INPUT FOR THIS TASK:

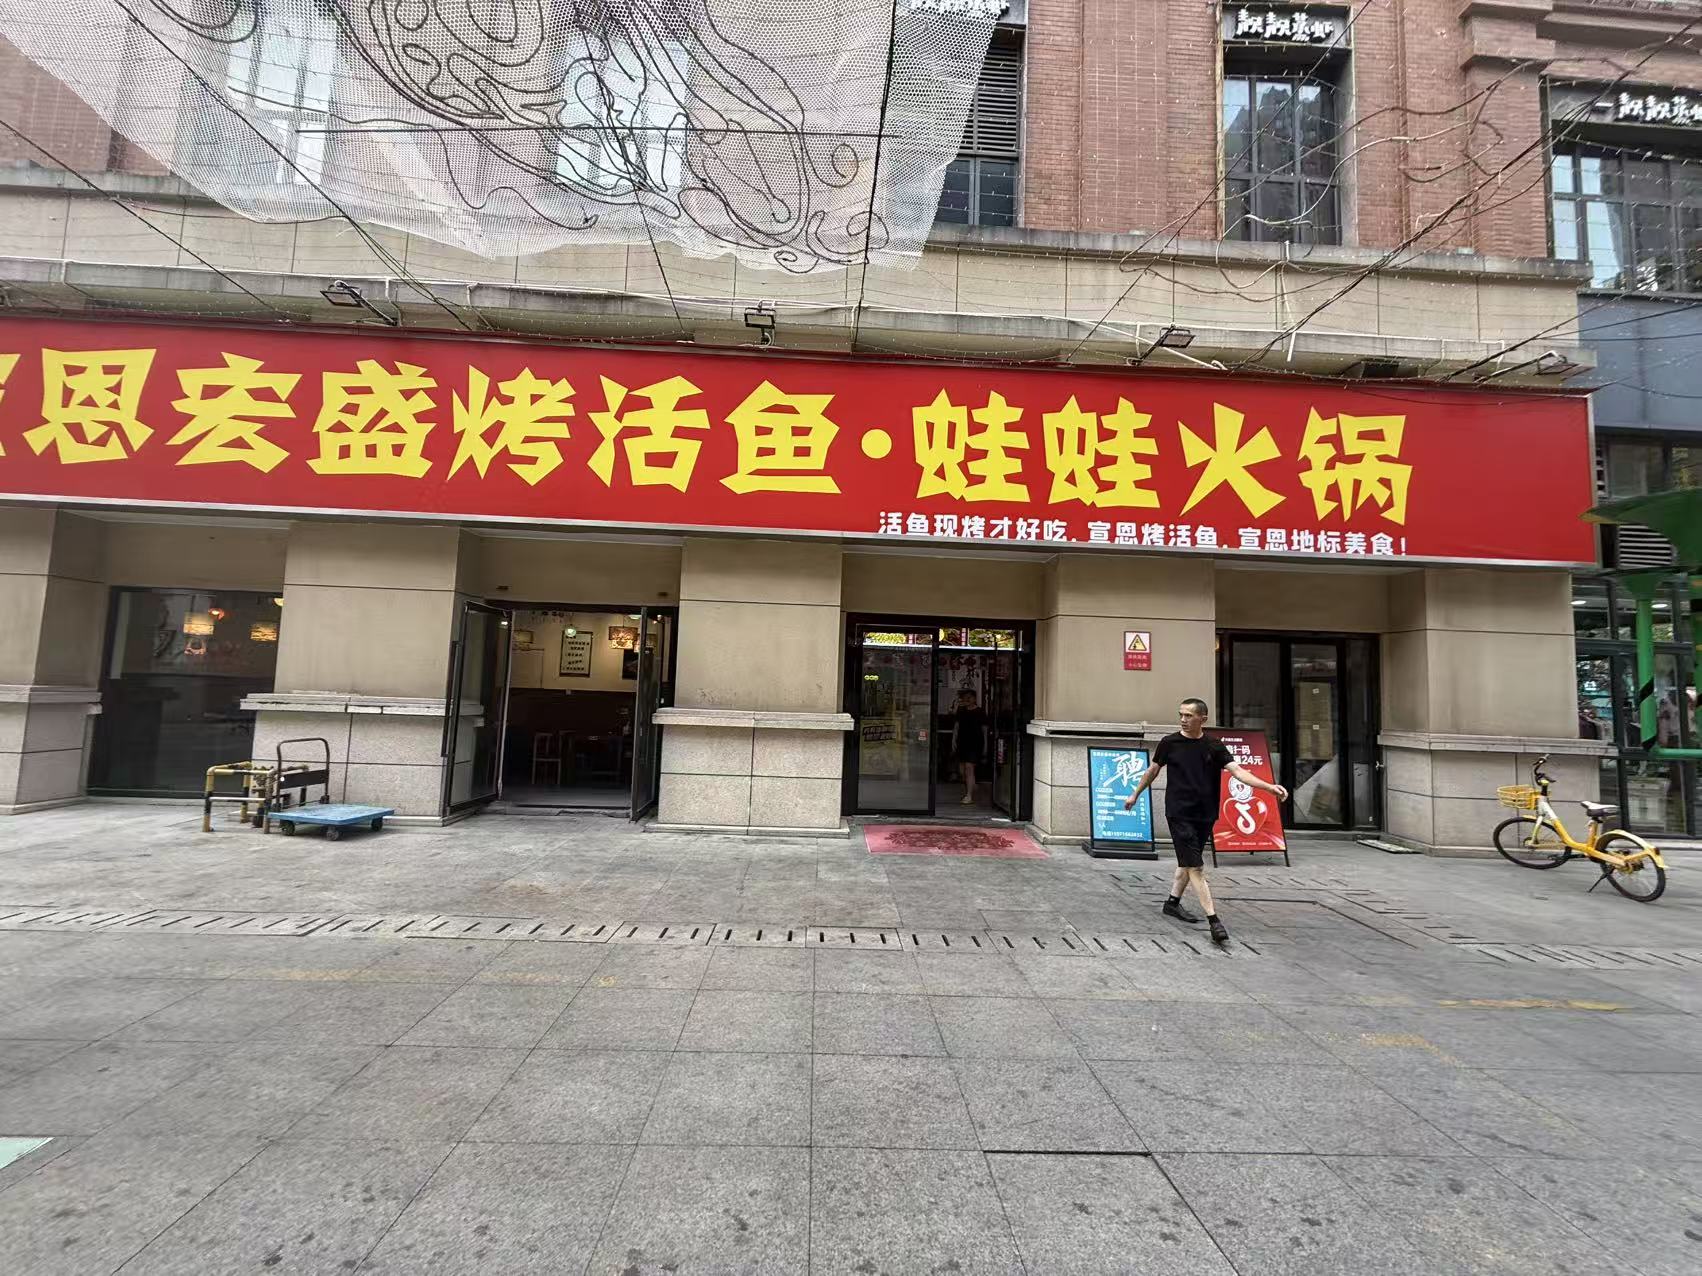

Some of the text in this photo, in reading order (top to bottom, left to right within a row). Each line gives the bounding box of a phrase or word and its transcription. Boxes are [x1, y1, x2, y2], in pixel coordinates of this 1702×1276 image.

[0, 347, 1413, 526] 恩宏盛烤活鱼·蛙蛙火锅
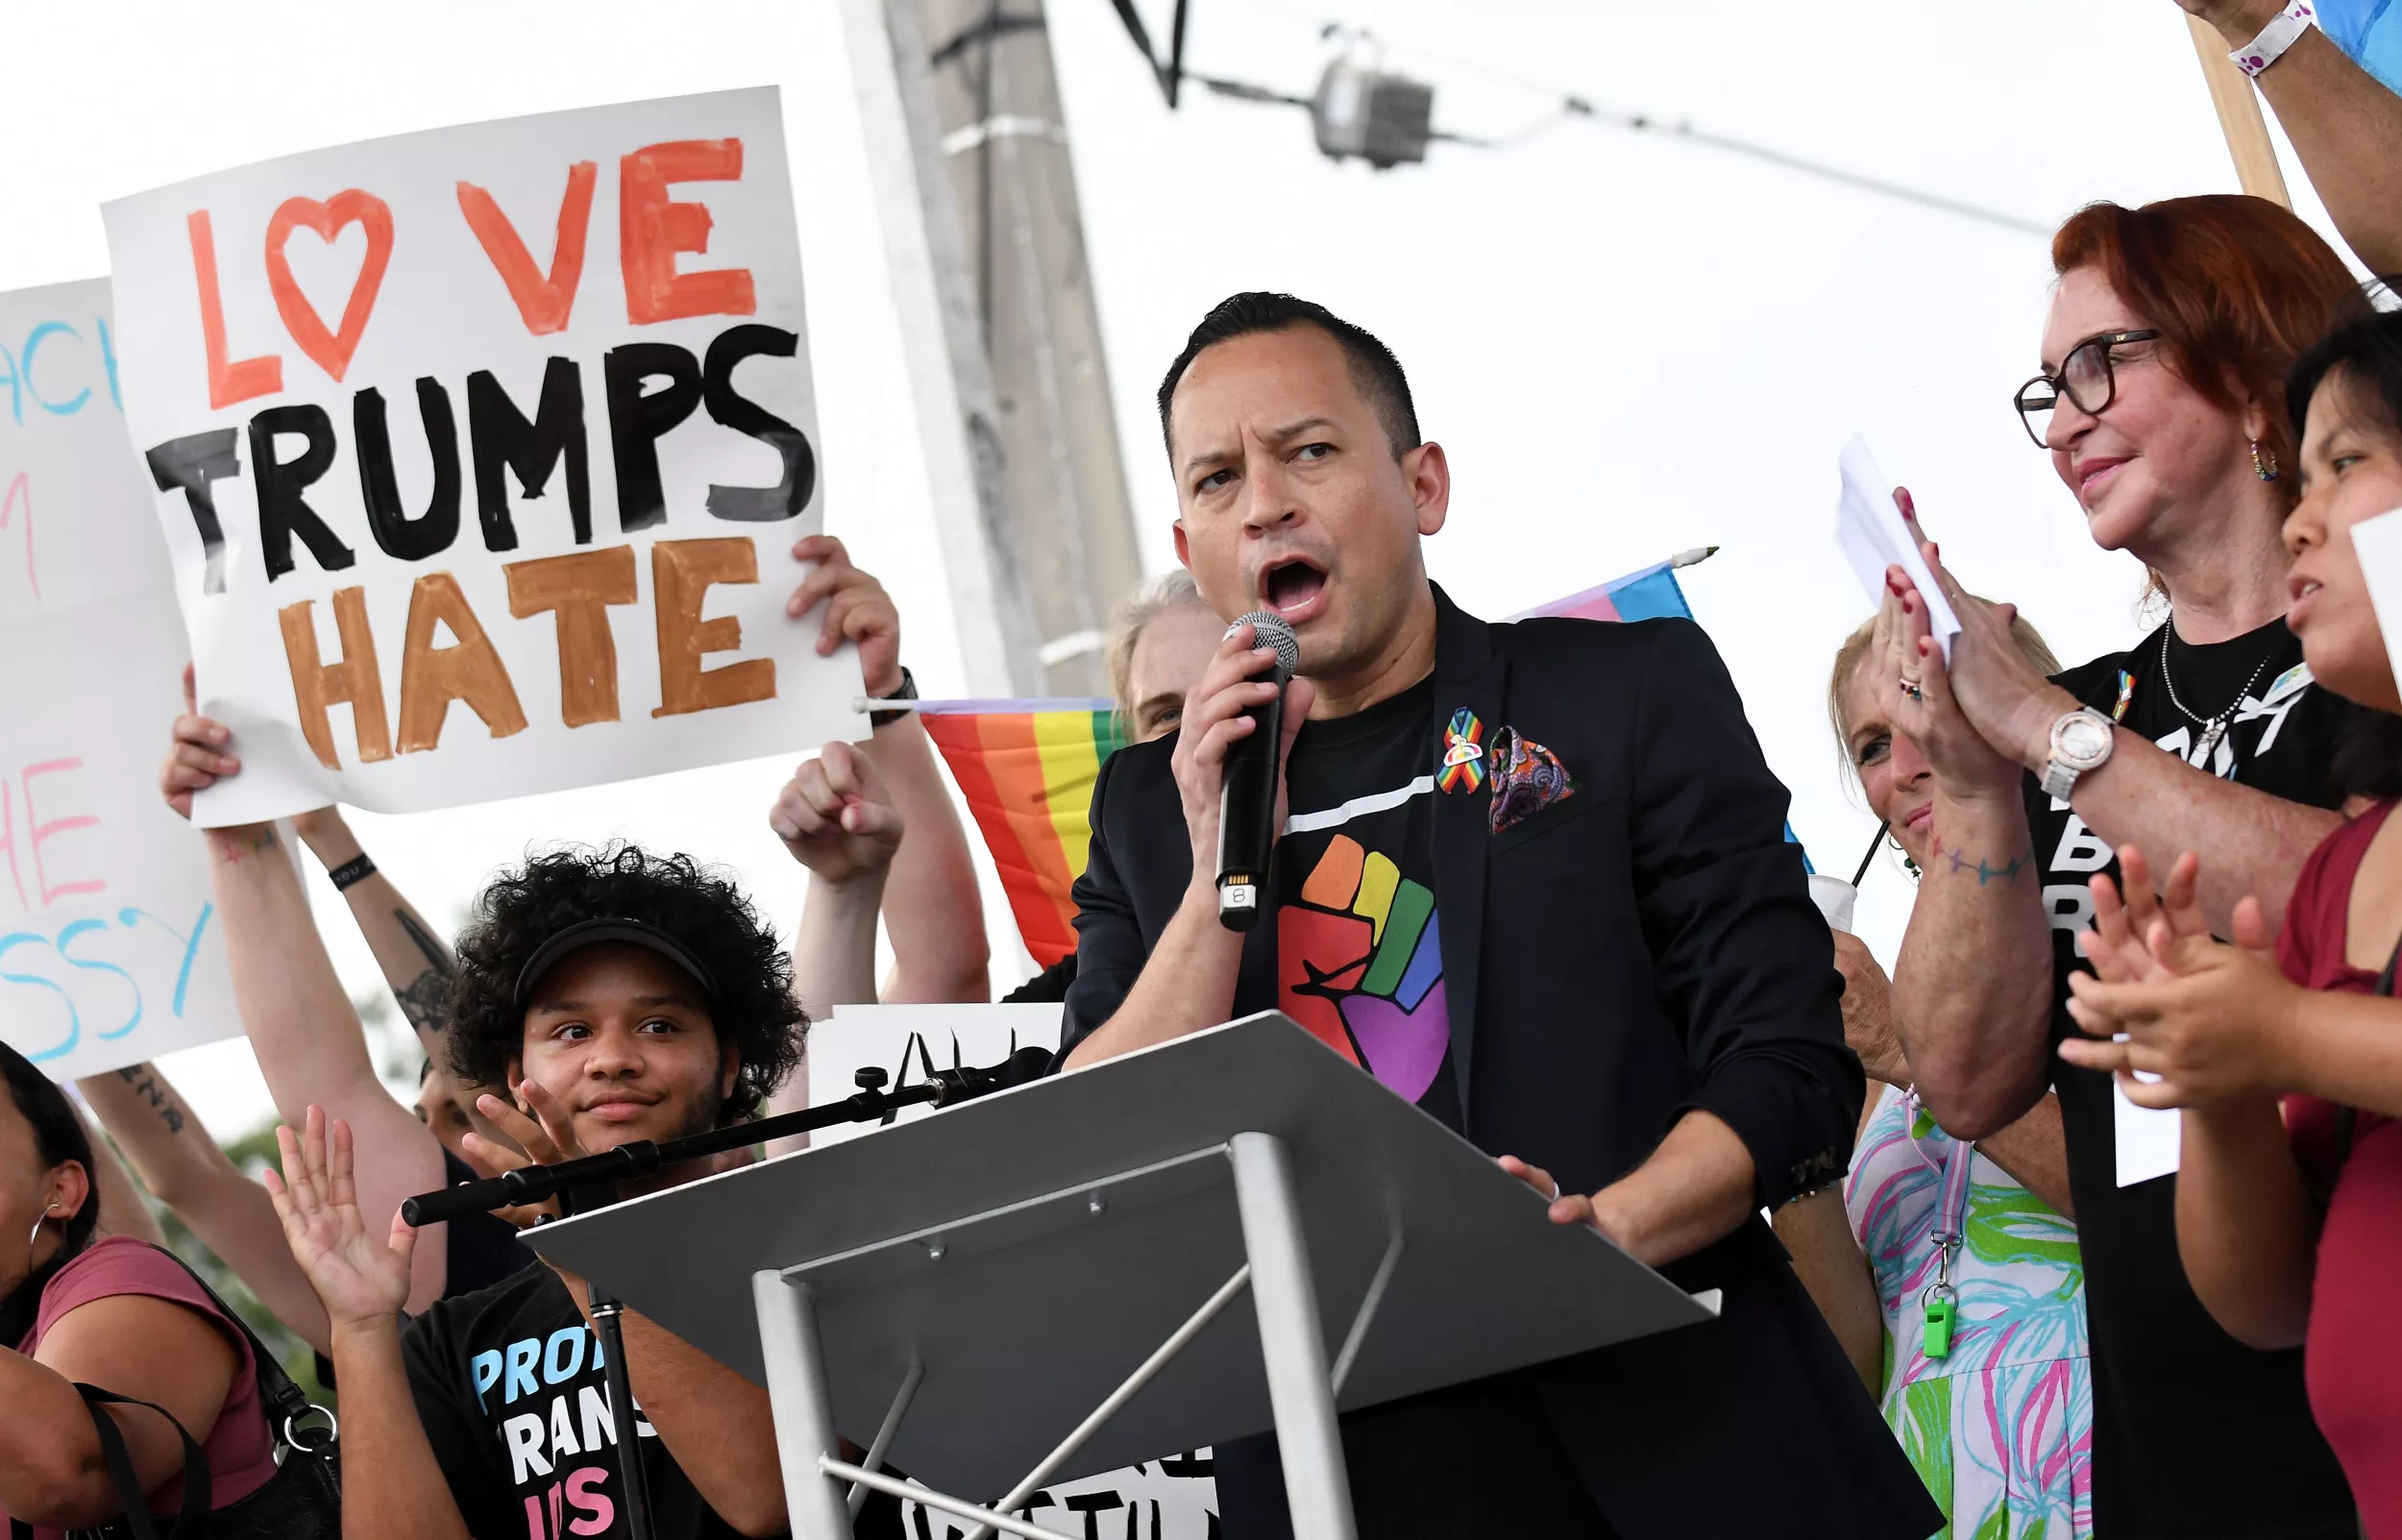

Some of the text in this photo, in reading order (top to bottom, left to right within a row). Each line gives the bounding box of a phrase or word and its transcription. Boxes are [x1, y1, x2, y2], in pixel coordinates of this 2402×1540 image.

[146, 324, 816, 594] TRUMPS
[279, 536, 777, 770] HATE
[1233, 888, 1246, 903] 8

TASK STATEMENT:
An exact copy of every line above is needed, without the images.

FINISHED TASK:
Some of the text in this photo, in reading order (top to bottom, left to right within a row). Each line gives the bounding box of a phrase or word and its transcription. Boxes are [x1, y1, x2, y2], in pixel coordinates of this 1702×1276 image.

[0, 347, 1413, 526] 恩宏盛烤活鱼·蛙蛙火锅

Some of the text in this photo, in reading order (top to bottom, left to right within a row). Each line gives the bounding box of a phrase or word and its transcription. Boxes are [x1, y1, x2, y2], in pixel coordinates of this 2402×1540 image.

[146, 324, 816, 594] TRUMPS
[279, 536, 777, 770] HATE
[1233, 888, 1246, 903] 8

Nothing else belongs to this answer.